03`ESCALERA' (1919). Hopper pintó muchas veces escaleras en sus cuadros, en un afán de separar estados de ánimo, en distinguir la realidad del deseo. (Whitney Mu­seum of America Art. Nueva York. Donación de Josephine N. Hopper).

04'EL PUEBLO DE TWO LIGHTS' (1927). El año en que pintó esta acuarela, los Hopper se compraron un automóvil con el que recorrie­ron los distintos pueblos de la cos­ta. Aquel verano se instalaron en uno que les enamoró, el de Two Lights, en Cape Elizabeth (Maine). (Fitchburg Art Museum. Donación de Bernadine K. Scherman).

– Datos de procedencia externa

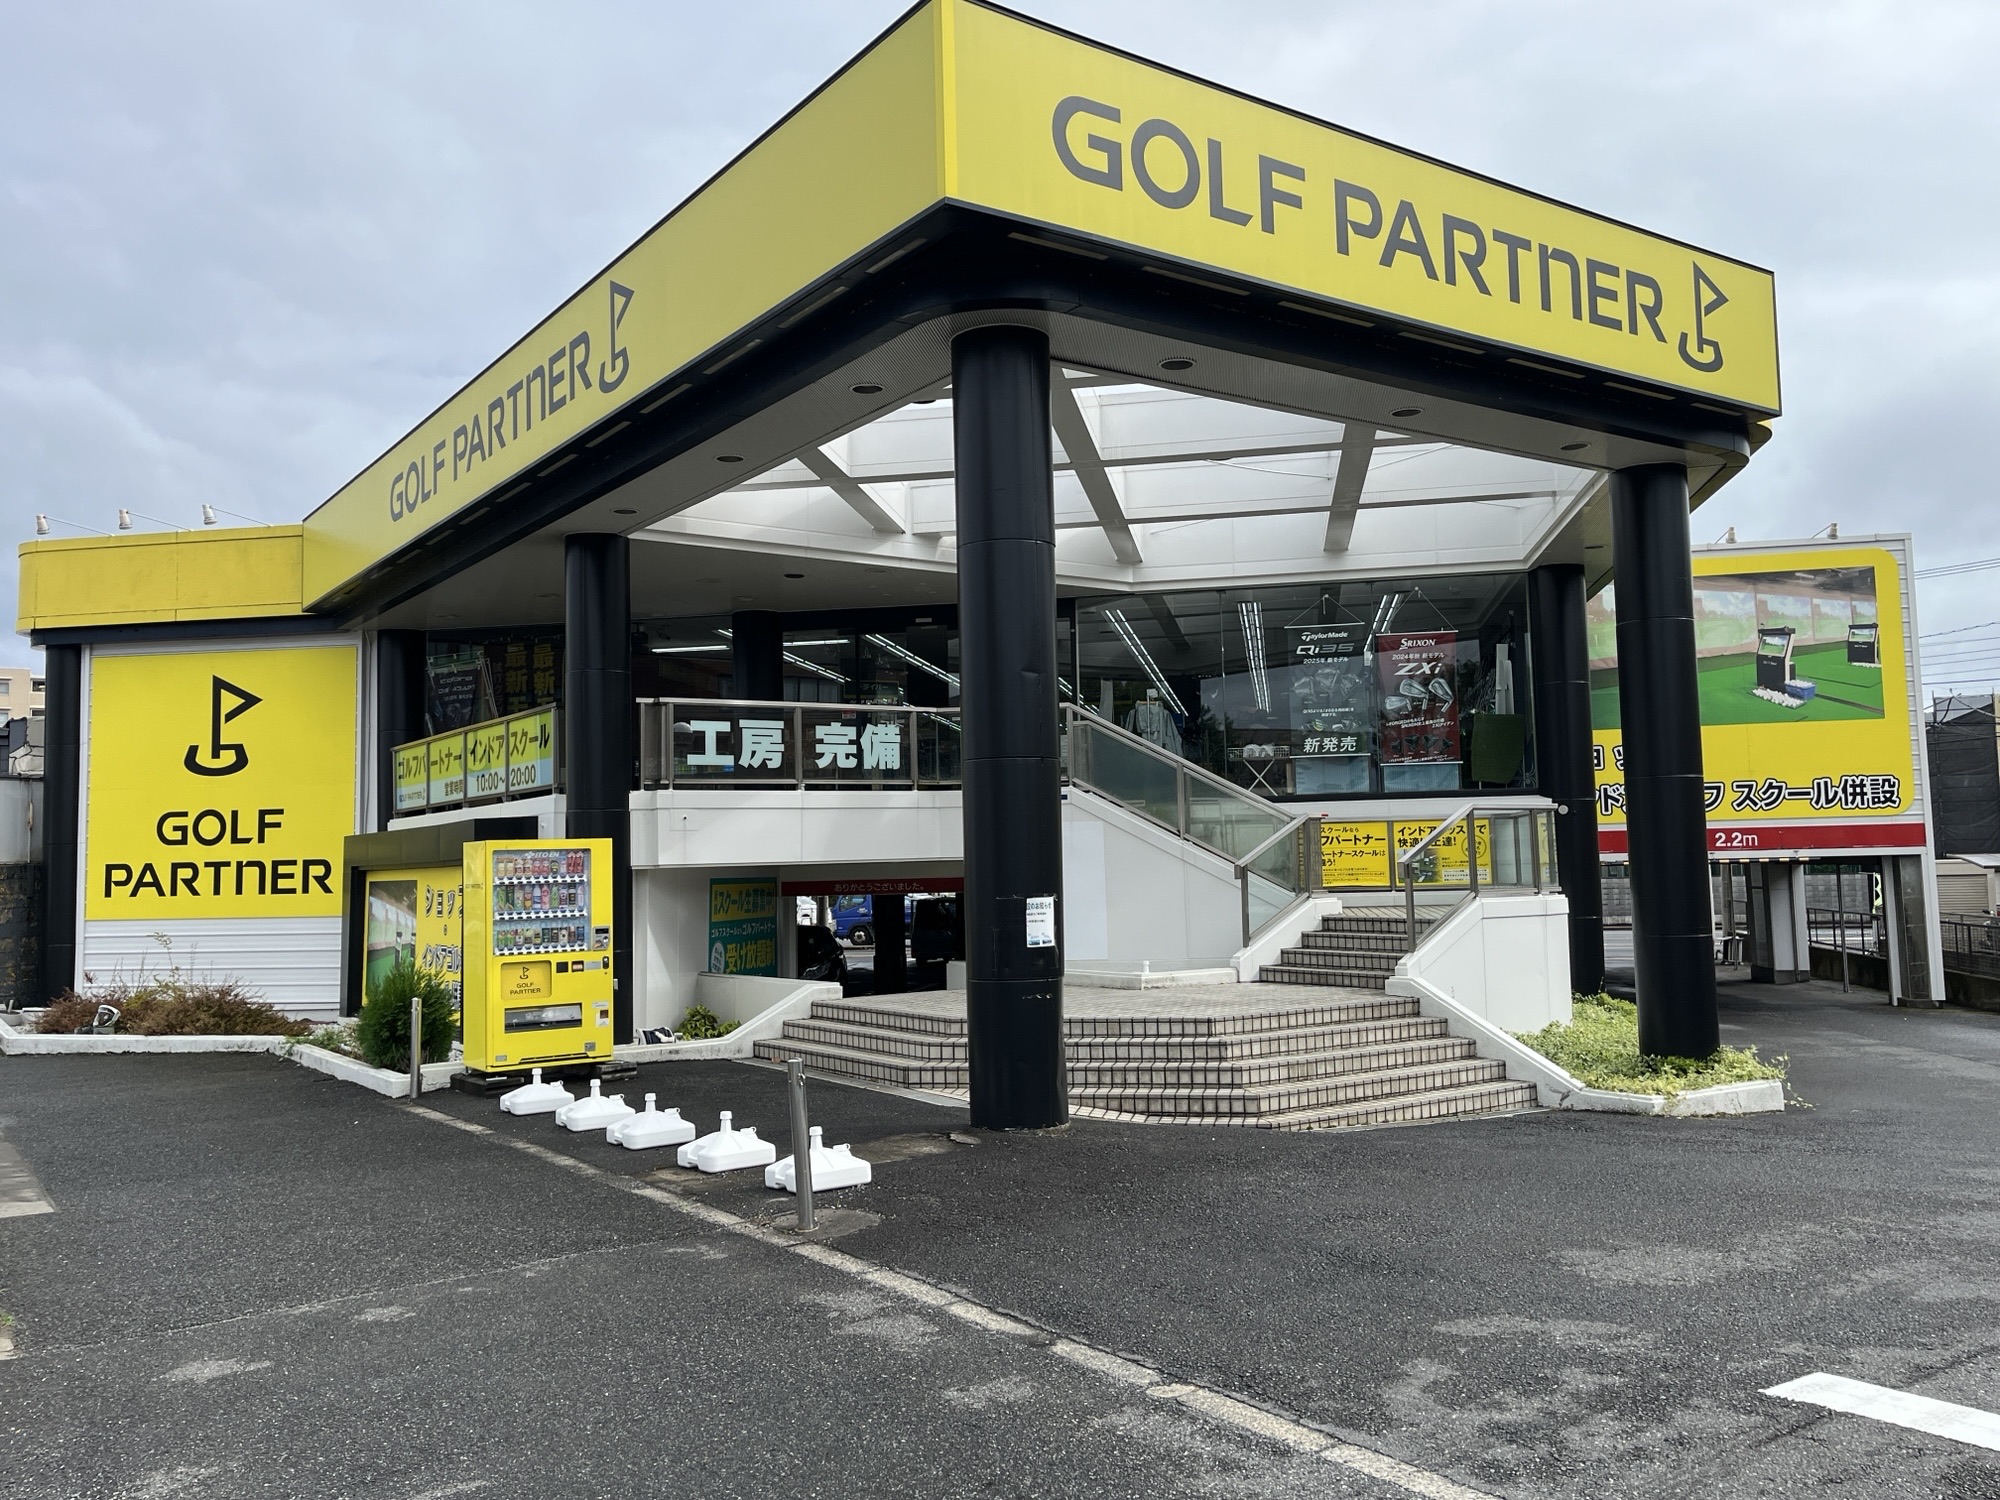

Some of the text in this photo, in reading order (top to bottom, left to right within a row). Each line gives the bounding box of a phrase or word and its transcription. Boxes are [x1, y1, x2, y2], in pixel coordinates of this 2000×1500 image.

[1051, 95, 1667, 344] GOLF PARTNER
[390, 330, 593, 523] GOLF PARTNER
[1301, 632, 1348, 642] TaylorMade
[1400, 638, 1436, 650] SRIXON
[1296, 643, 1354, 655] Qi35
[1394, 662, 1442, 675] ZXi
[686, 719, 901, 770] 工房 完備
[1303, 736, 1357, 753] 新発売
[156, 808, 285, 847] GOLF
[1714, 832, 1759, 847] 2.2m
[104, 859, 333, 898] PARTNER

Unánimemente conside­rado el más característico artista estado­unidense del siglo XX, Edward Hopper lo fue, sin duda, pero tomándoselo en su fue­ro interno de esa forma, ya en desuso, que el crítico Harold Rosenberg calificó como de "militancia provincial", cuyo espíritu poseyeron los pioneros de ese gran país con la ingenua ilusión luego perdida de no creer lo americano como el epicentro del planeta. Nacido el 22 de julio de 1882 en Nyack (Nueva York), unos meses después que Pablo Picasso, como éste, Hopper com­pletó su formación artística en el París de comienzos del siglo XX, adonde viajó en tres ocasiones -en 1906, 1909 y 1910-, ad­quiriendo un definitivo toque moderno al estilo cosmopolita francés. Hopper no en balde pertenecía a la generación anterior a los expresionistas abstractos, la de quie­nes emulaban, sin todavía rivalizar, lo rea­lizado por los grandes maestros europeos. como, en su caso, los impresionistas, pero sobre todo Manet y Degas. En este sentido, evocando su estado de ánimo cuando re­gresó definitivamente a casa en el verano de 1910, llegó a confesar que todo le pare­ció "increíblemente tosco y ordinario" y que tardó "diez años en sobreponerse".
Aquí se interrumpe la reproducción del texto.